- _Your instructions_:
Could you print each entry below verbatim while omitting the pictures?

- _Data for review_:
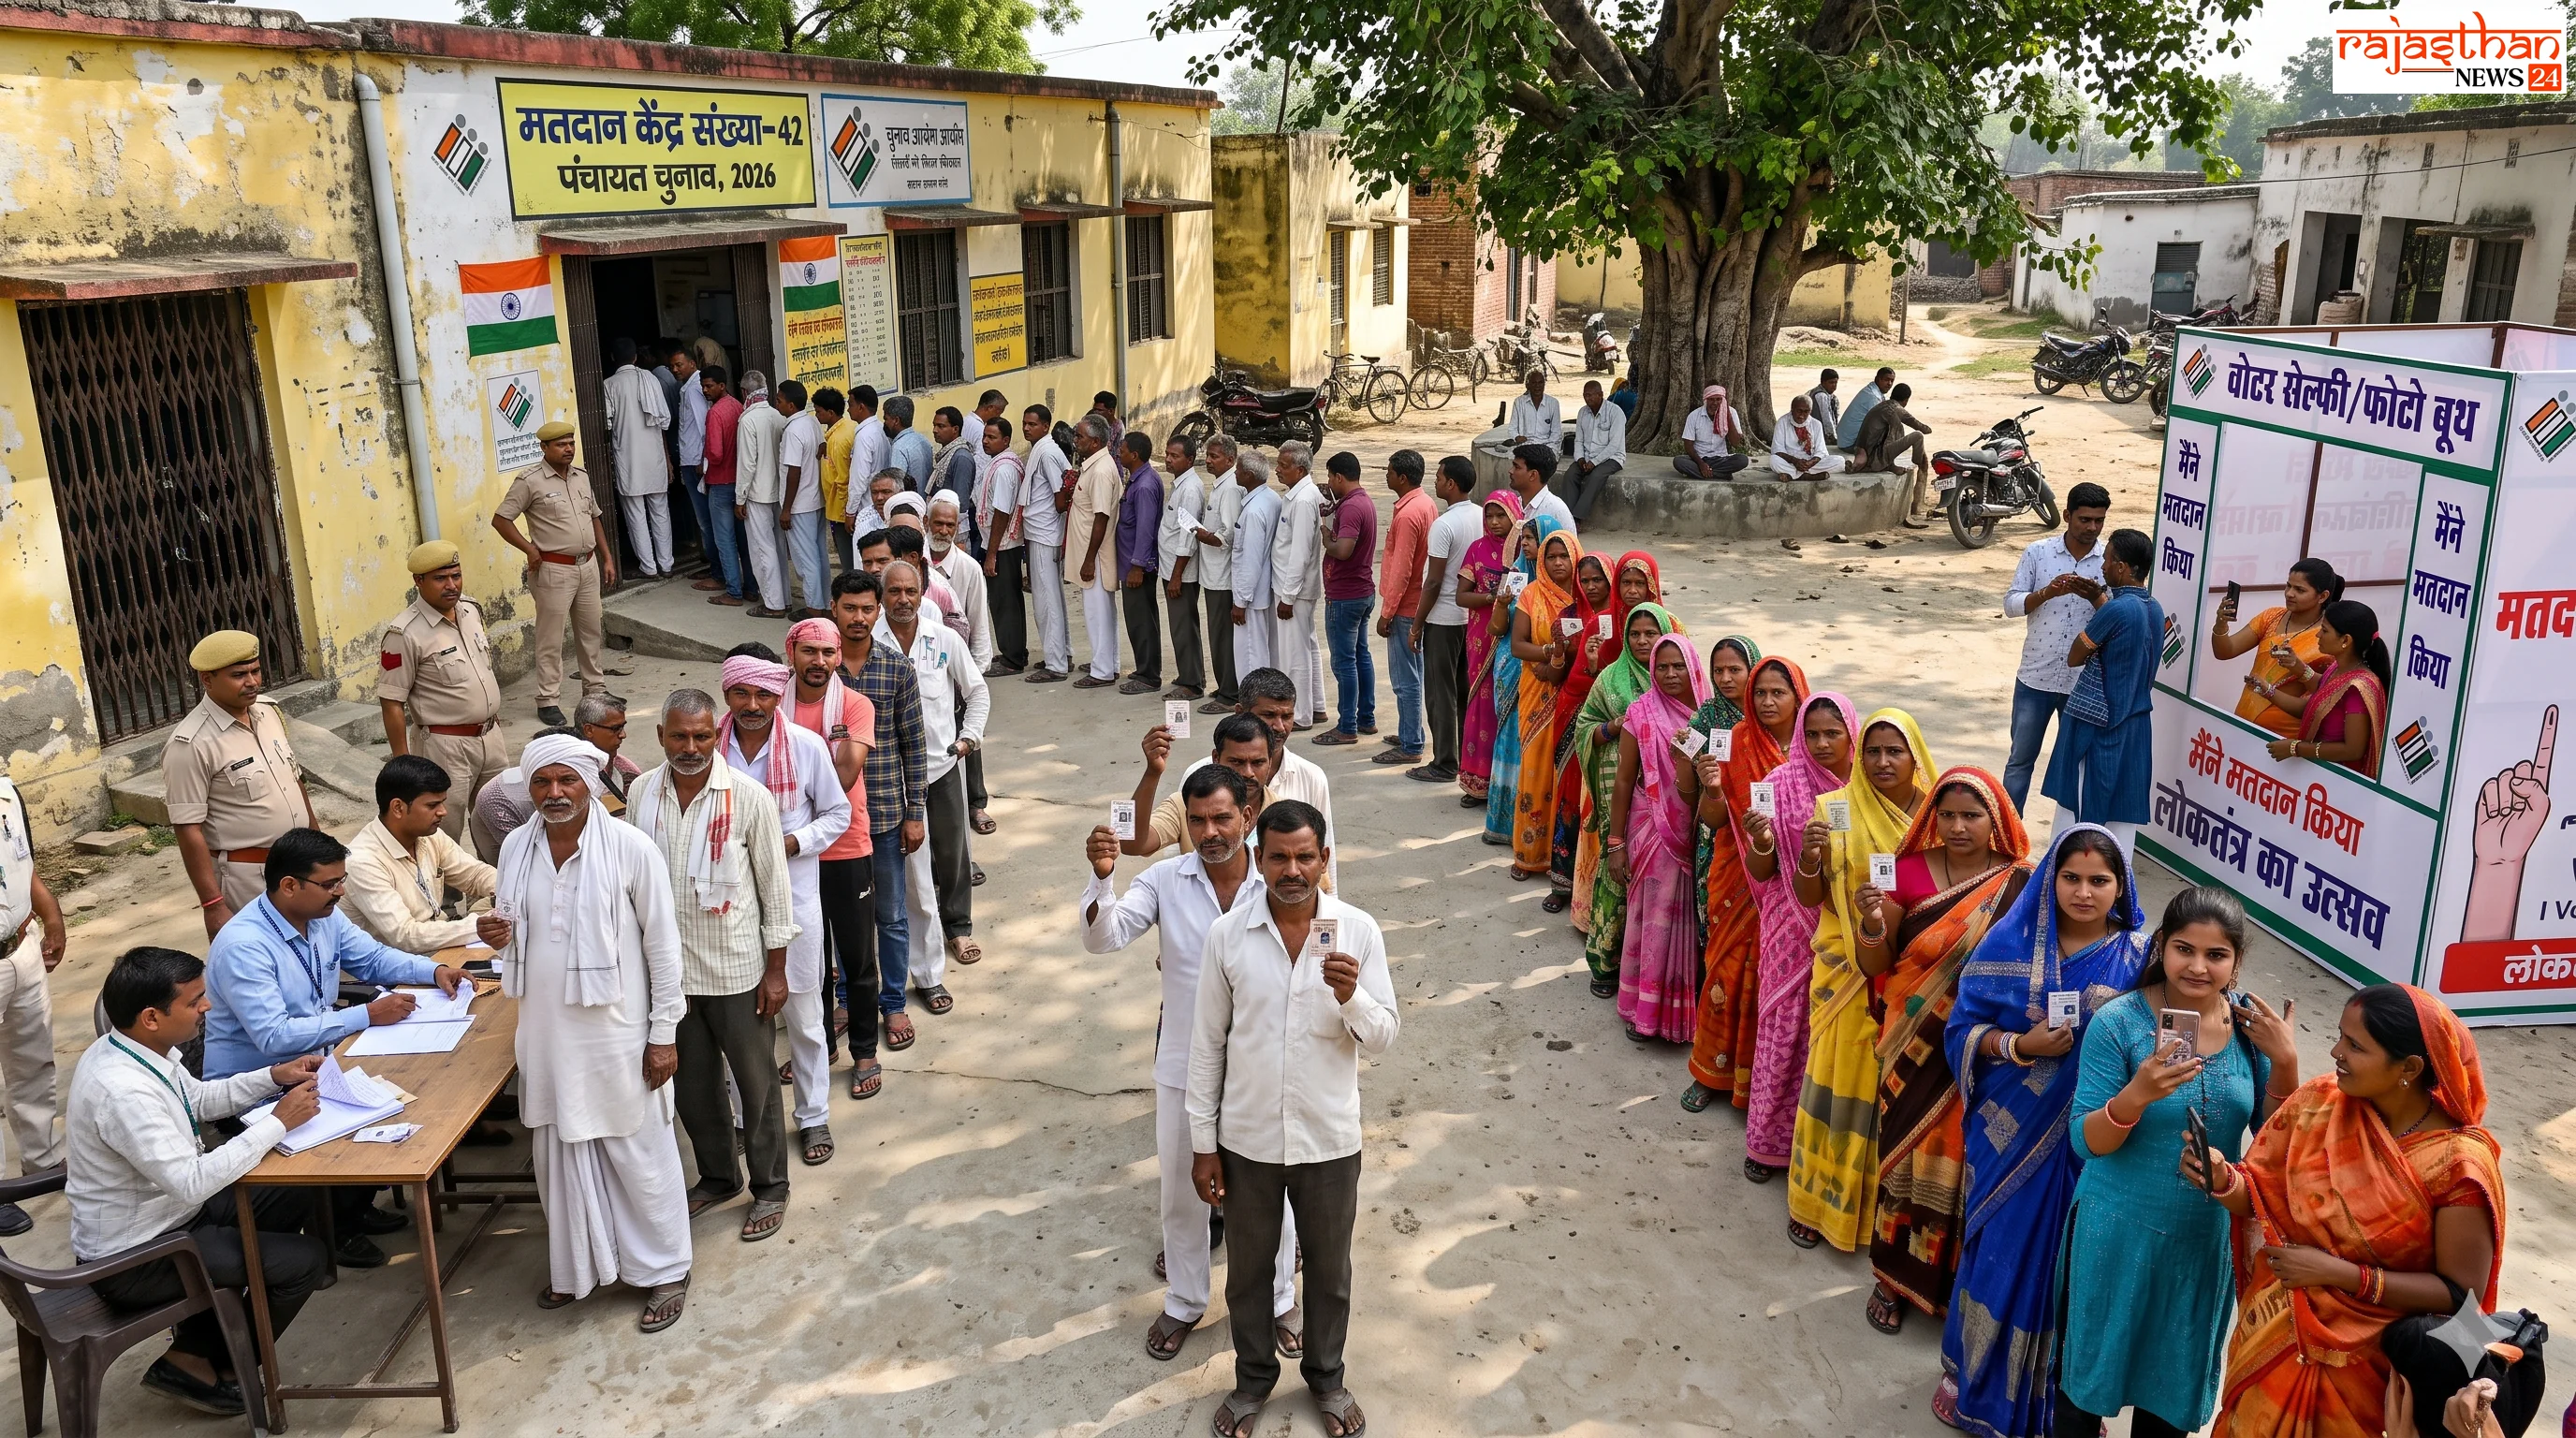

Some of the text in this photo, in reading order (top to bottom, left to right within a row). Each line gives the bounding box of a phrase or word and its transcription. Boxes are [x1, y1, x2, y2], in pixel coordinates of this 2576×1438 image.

[516, 107, 627, 144] मतदान
[634, 97, 684, 153] केंद्र
[557, 154, 777, 205] पंचायत चुनाव, 2026
[2228, 352, 2278, 405] वोटर
[2282, 360, 2428, 433] सेल्फी/फोटो
[2433, 395, 2481, 455] बूथ
[2162, 492, 2206, 532] मतदान
[2161, 536, 2195, 581] किया
[2412, 568, 2472, 620] मतदान
[2407, 634, 2452, 690] किया
[2188, 726, 2364, 857] मैंने मतदान किया
[2154, 778, 2392, 951] लोकतंत्र का उत्सव
[2503, 944, 2576, 985] लोक
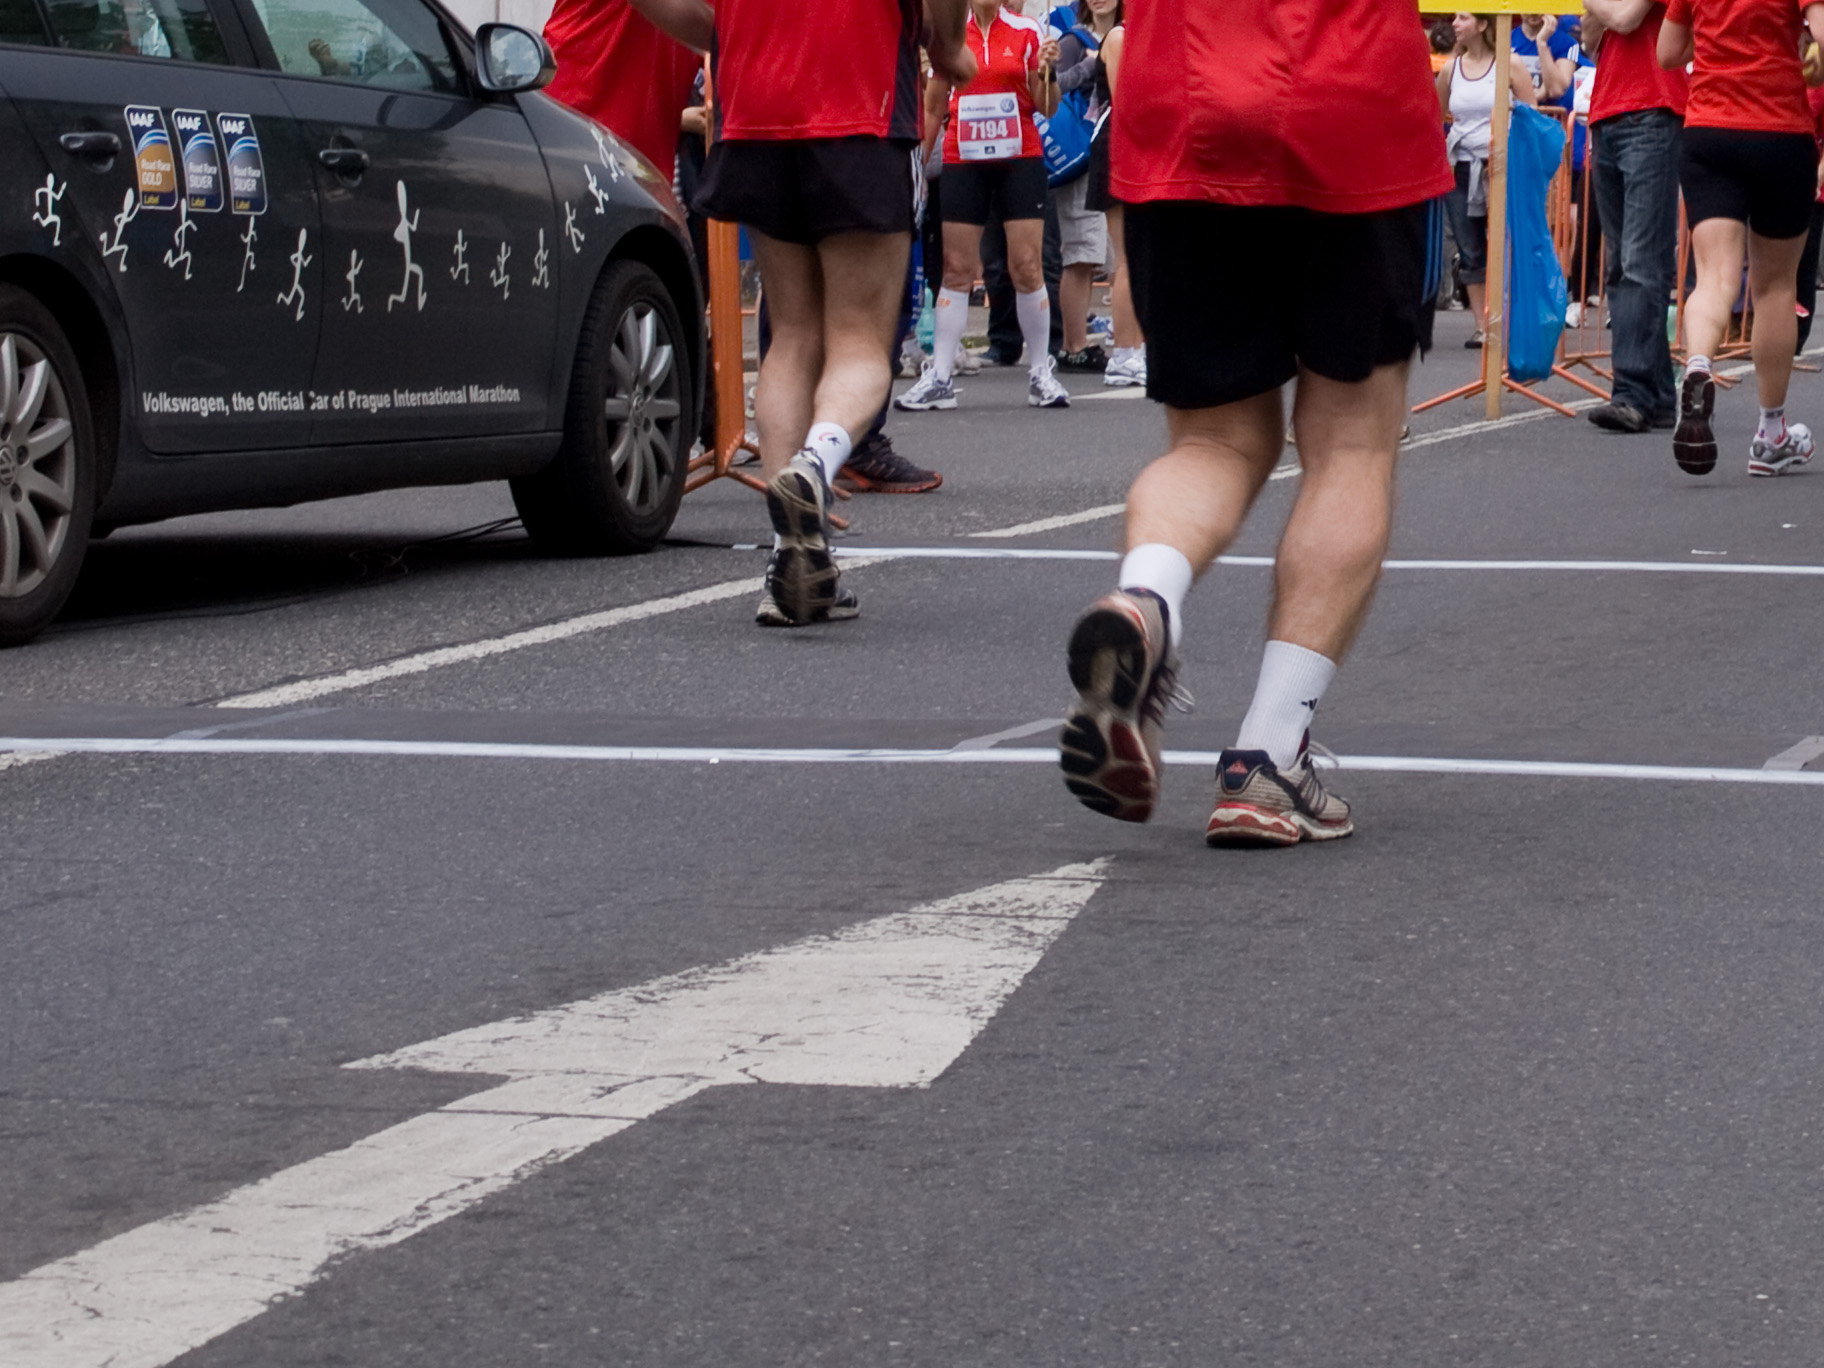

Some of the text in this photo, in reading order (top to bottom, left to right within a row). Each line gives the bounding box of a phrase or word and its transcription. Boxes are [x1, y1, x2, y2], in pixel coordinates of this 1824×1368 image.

[129, 112, 155, 128] IAAF
[177, 115, 202, 131] IAAF
[221, 119, 246, 135] IAAF
[968, 119, 1008, 140] 7194
[141, 158, 171, 171] Road Race
[188, 162, 217, 175] Road Race
[233, 165, 261, 178] Road Race
[141, 172, 162, 186] GOLD
[188, 175, 213, 189] SILVER
[234, 179, 257, 192] SILVER
[143, 195, 160, 205] Label
[191, 197, 206, 208] Label
[235, 200, 250, 210] Label
[142, 391, 230, 417] Volkswagen,
[231, 392, 255, 412] the
[257, 390, 304, 412] Official
[332, 389, 345, 410] of
[347, 389, 391, 414] Prague
[393, 385, 467, 408] International
[468, 384, 520, 404] Marathon
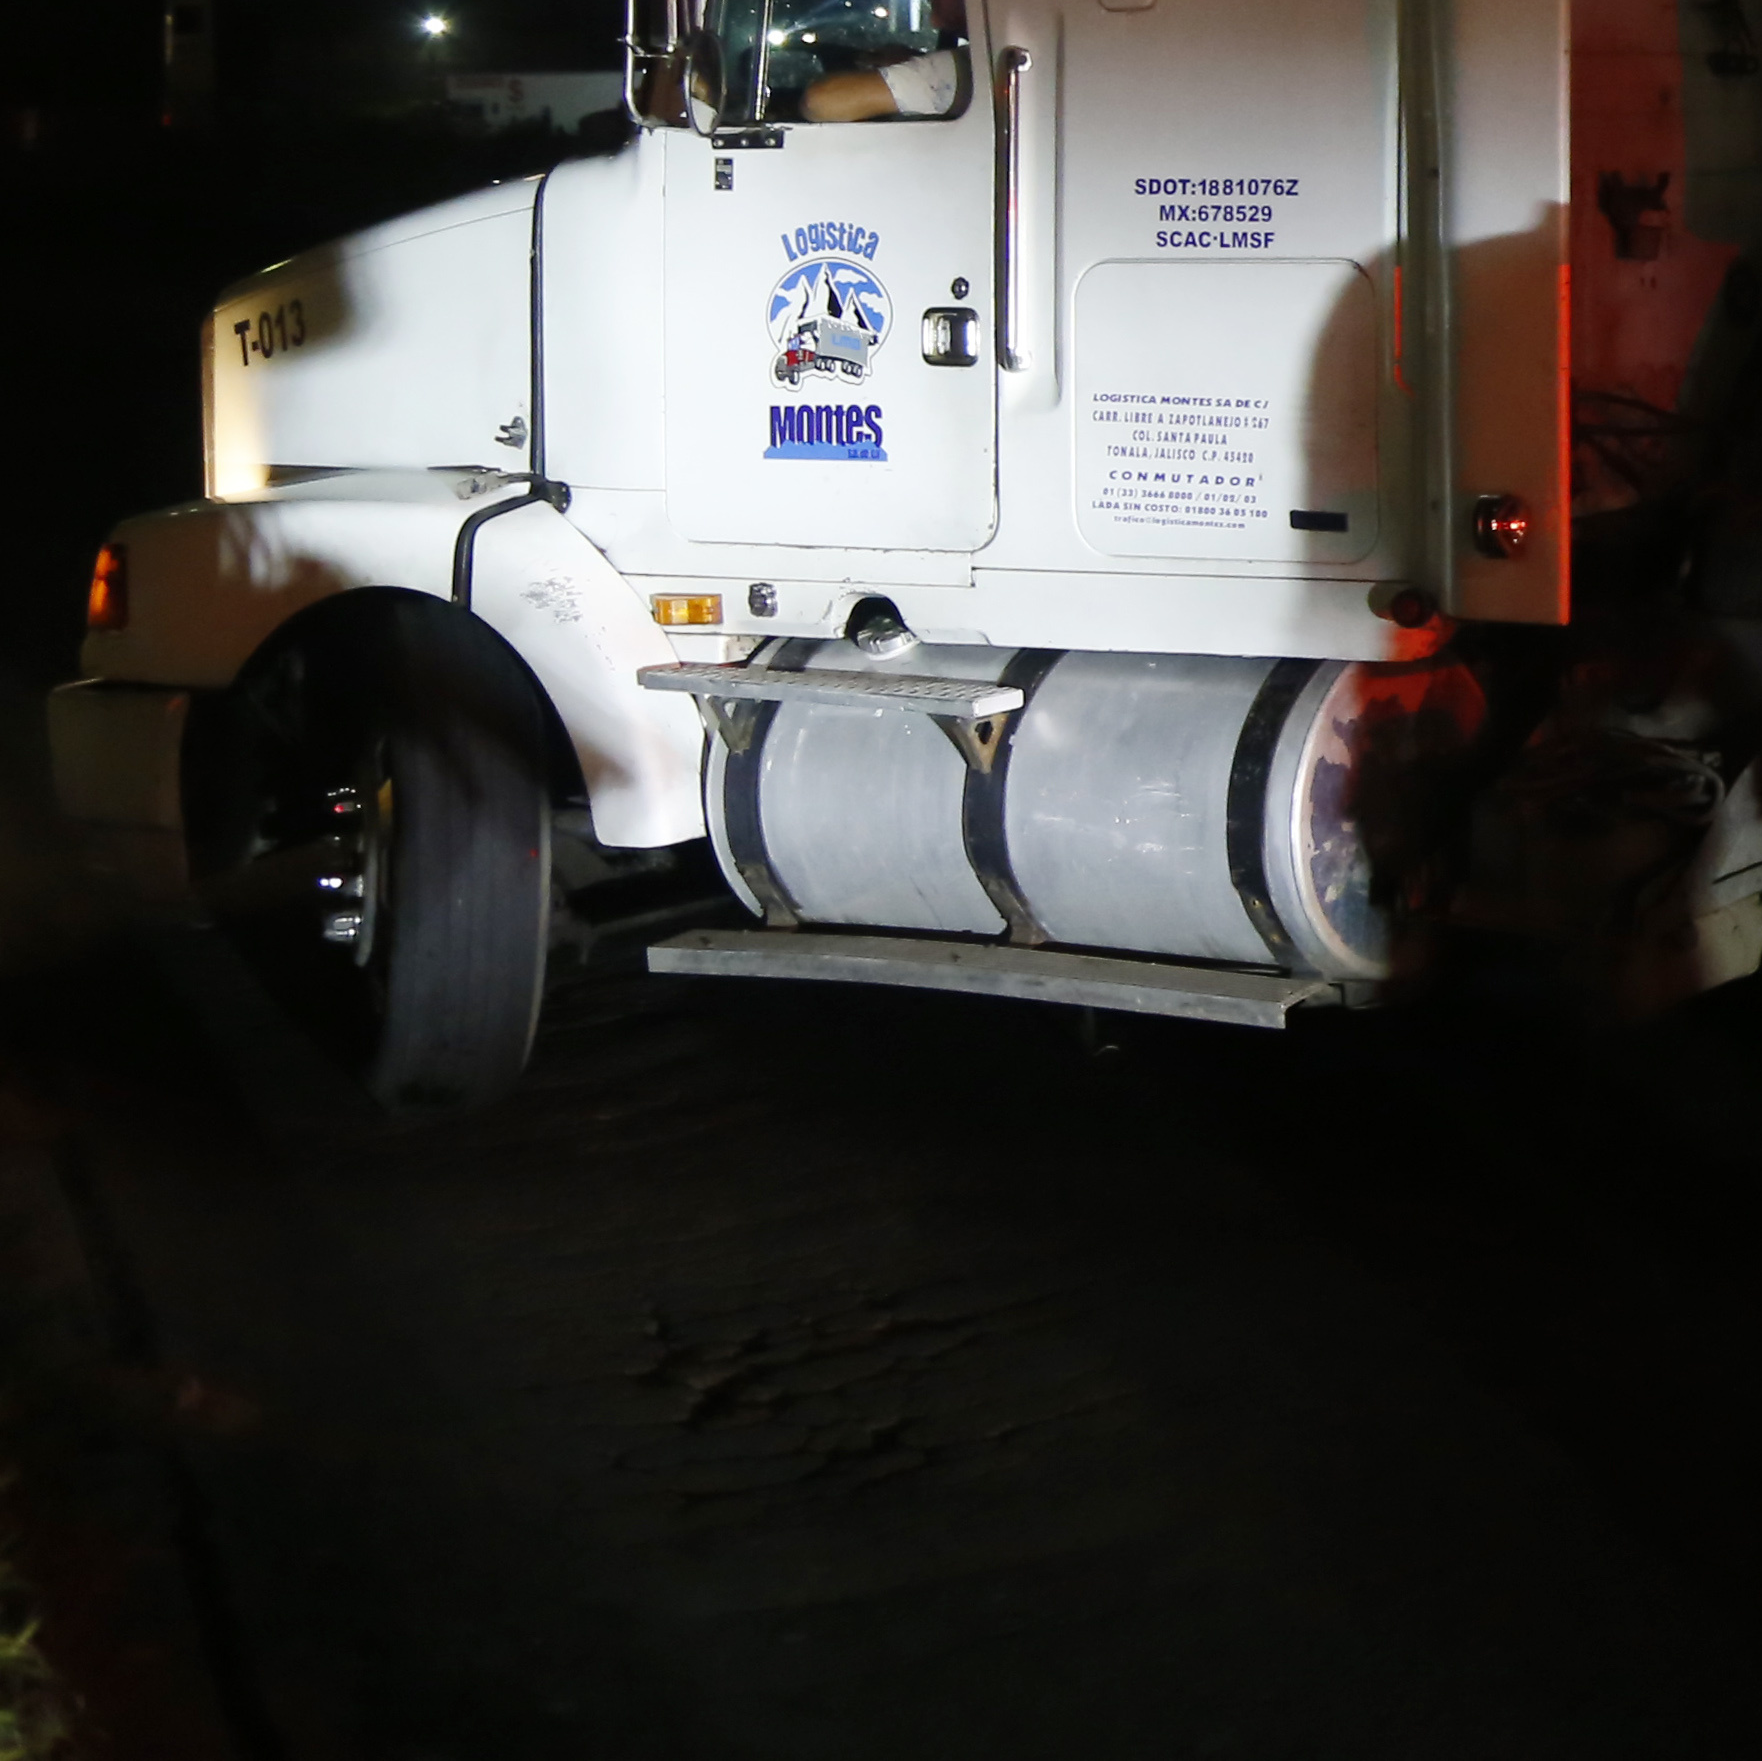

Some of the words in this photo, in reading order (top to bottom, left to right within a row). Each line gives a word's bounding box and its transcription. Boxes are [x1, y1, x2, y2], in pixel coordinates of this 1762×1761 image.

- _Response for this exercise_:
Some of the text in this photo, in reading order (top to bottom, left to right within a row). Each line gives the bounding box of a phrase or word and its transcription. Boxes are [x1, y1, x2, y2], in pixel coordinates of this 2576×1438 image.

[516, 107, 627, 144] मतदान
[634, 97, 684, 153] केंद्र
[557, 154, 777, 205] पंचायत चुनाव, 2026
[2228, 352, 2278, 405] वोटर
[2282, 360, 2428, 433] सेल्फी/फोटो
[2433, 395, 2481, 455] बूथ
[2162, 492, 2206, 532] मतदान
[2161, 536, 2195, 581] किया
[2412, 568, 2472, 620] मतदान
[2407, 634, 2452, 690] किया
[2188, 726, 2364, 857] मैंने मतदान किया
[2154, 778, 2392, 951] लोकतंत्र का उत्सव
[2503, 944, 2576, 985] लोक

Some of the text in this photo, in reading order (top to bottom, left to right within a row). Each line gives the bounding box of a phrase or word and its transcription. Boxes are [x1, y1, x2, y2], in pixel coordinates of this 1824×1368 image.

[129, 112, 155, 128] IAAF
[177, 115, 202, 131] IAAF
[221, 119, 246, 135] IAAF
[968, 119, 1008, 140] 7194
[141, 158, 171, 171] Road Race
[188, 162, 217, 175] Road Race
[233, 165, 261, 178] Road Race
[141, 172, 162, 186] GOLD
[188, 175, 213, 189] SILVER
[234, 179, 257, 192] SILVER
[143, 195, 160, 205] Label
[191, 197, 206, 208] Label
[235, 200, 250, 210] Label
[142, 391, 230, 417] Volkswagen,
[231, 392, 255, 412] the
[257, 390, 304, 412] Official
[332, 389, 345, 410] of
[347, 389, 391, 414] Prague
[393, 385, 467, 408] International
[468, 384, 520, 404] Marathon

Some of the words in this photo, in reading order (top to bottom, left to right within a row). Each line gives a word's bounding box and its transcription. Boxes are [x1, y1, x2, y2], in pixel coordinates of this 1762×1761 image.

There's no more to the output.